Nergis Mavalvala is the associate head of the Department of Physics and the Curtis and Kathleen Marble Professor of Astrophysics at MIT. She is a physicist whose research focuses on the detection of gravitational waves from violent events in the cosmos that warp and ripple the fabric of spacetime. She is part of the scientific team that in early 2016 announced the first direct detection of gravitational waves from colliding black holes using the Laser Interferometer Gravitational-wave Observatory (LIGO) detectors. This breakthrough ushers in a new era of astrophysics, allowing observations of the violent and warped universe not visible with light. In addition to her work on developing technologies for gravitational wave detectors since her graduate student years in the 1990s, Mavalvala has also conducted pioneering experiments in the optical trapping and cooling of mirrors to enable observation of quantum phenomena in macroscopic objects. She is the recipient of a 2010 MacArthur Foundation Fellowship.

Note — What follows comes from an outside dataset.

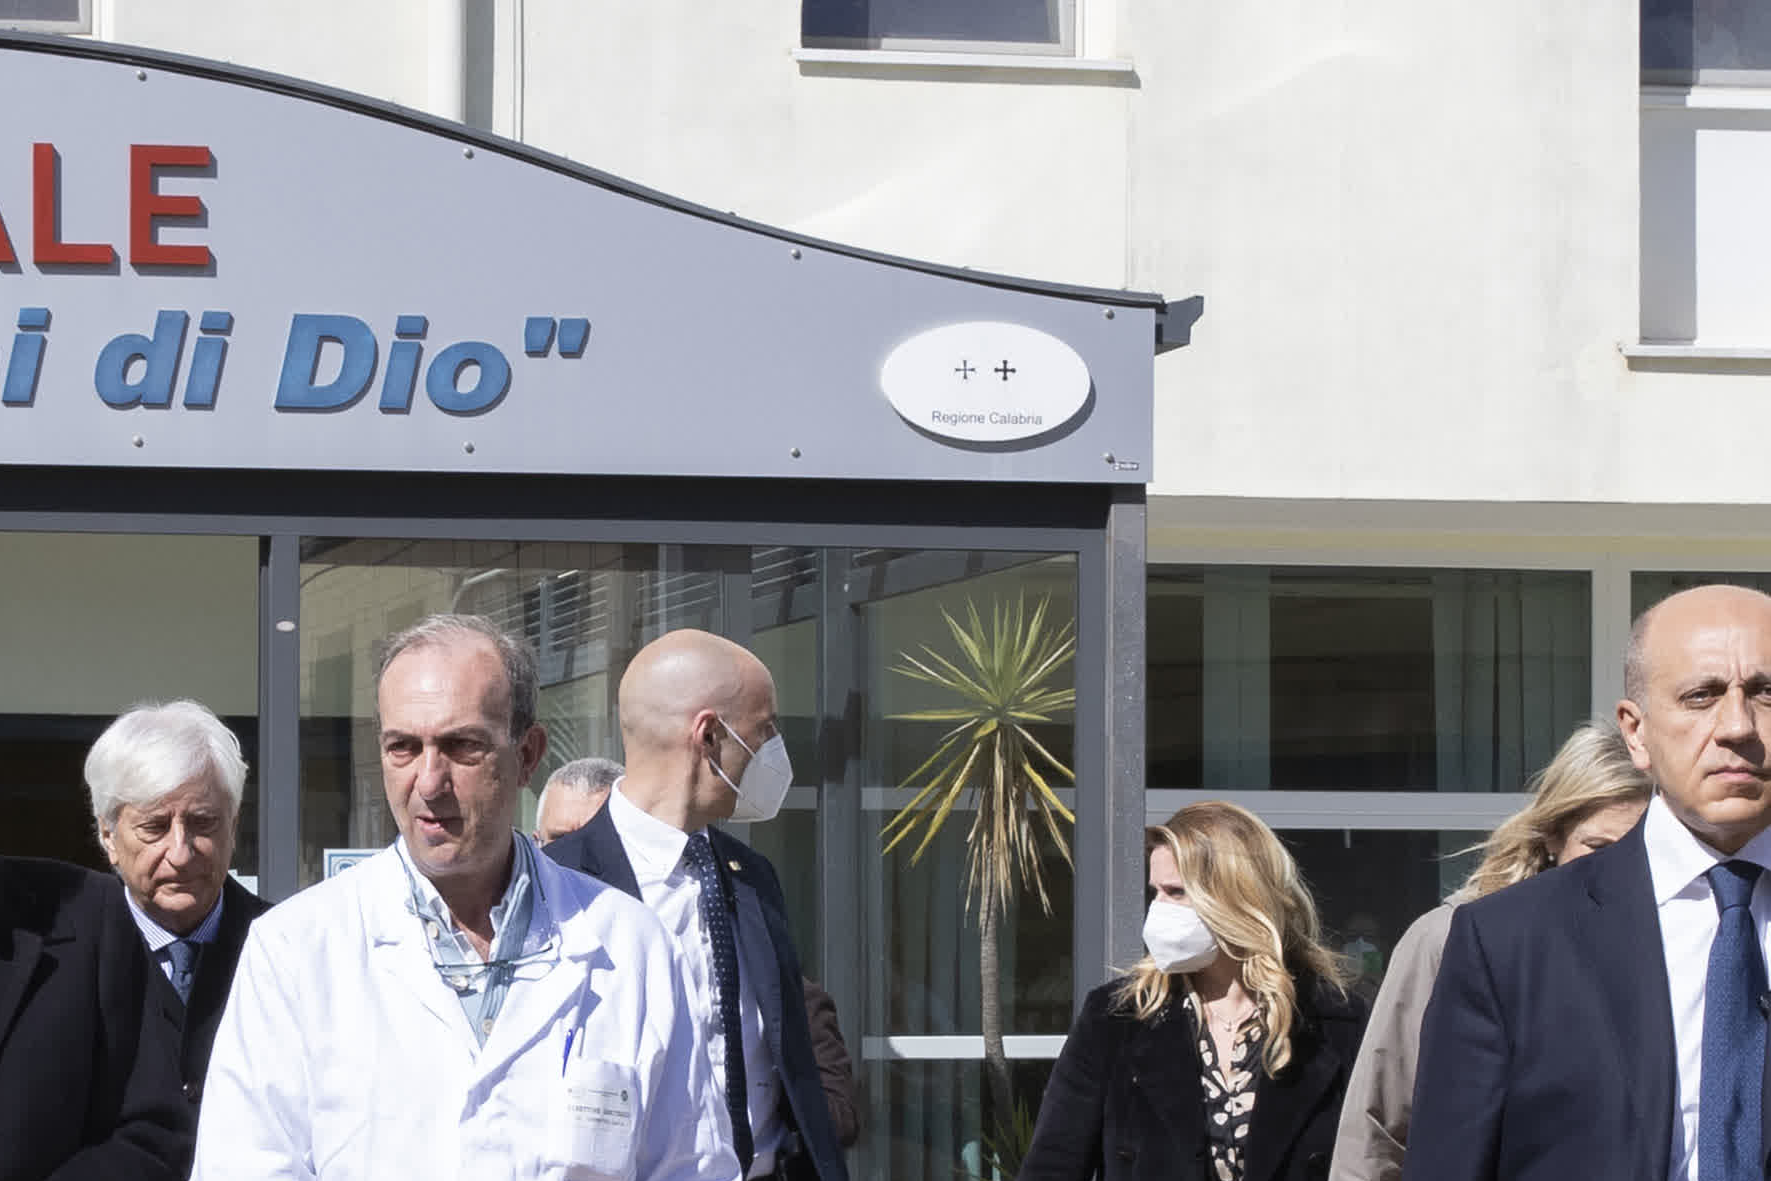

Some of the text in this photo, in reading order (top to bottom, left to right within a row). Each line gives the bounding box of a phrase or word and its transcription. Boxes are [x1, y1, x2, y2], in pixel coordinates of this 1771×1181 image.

[94, 309, 233, 408] di
[274, 312, 589, 413] Dio"
[931, 410, 1043, 426] Regione Calabria

Mavalvala earned a B.A. in physics and astronomy from Wellesley College and a Ph.D. in physics from MIT.

Born: 1968

Hometown: Karachi, Pakistan

Education: Ph.D. in Physics

Occupation: Astrophysicist; 1st woman Dean of the School of Science at the Massachusetts Institute of Technology

Best Discoveries: A pioneer in the detection of gravitational waves and of quantum measurement science, Nergis helped develop the gravitational-wave detector technologies that are at the heart of Laser Intereformeter Gravitational-Wave Observatory (LIGO) and discoveries that earned the 2017 Nobel prize in Physics


Advice: We think that when we make a discovery, we’ve answered a question; but almost always what we’ve done is pose a new question.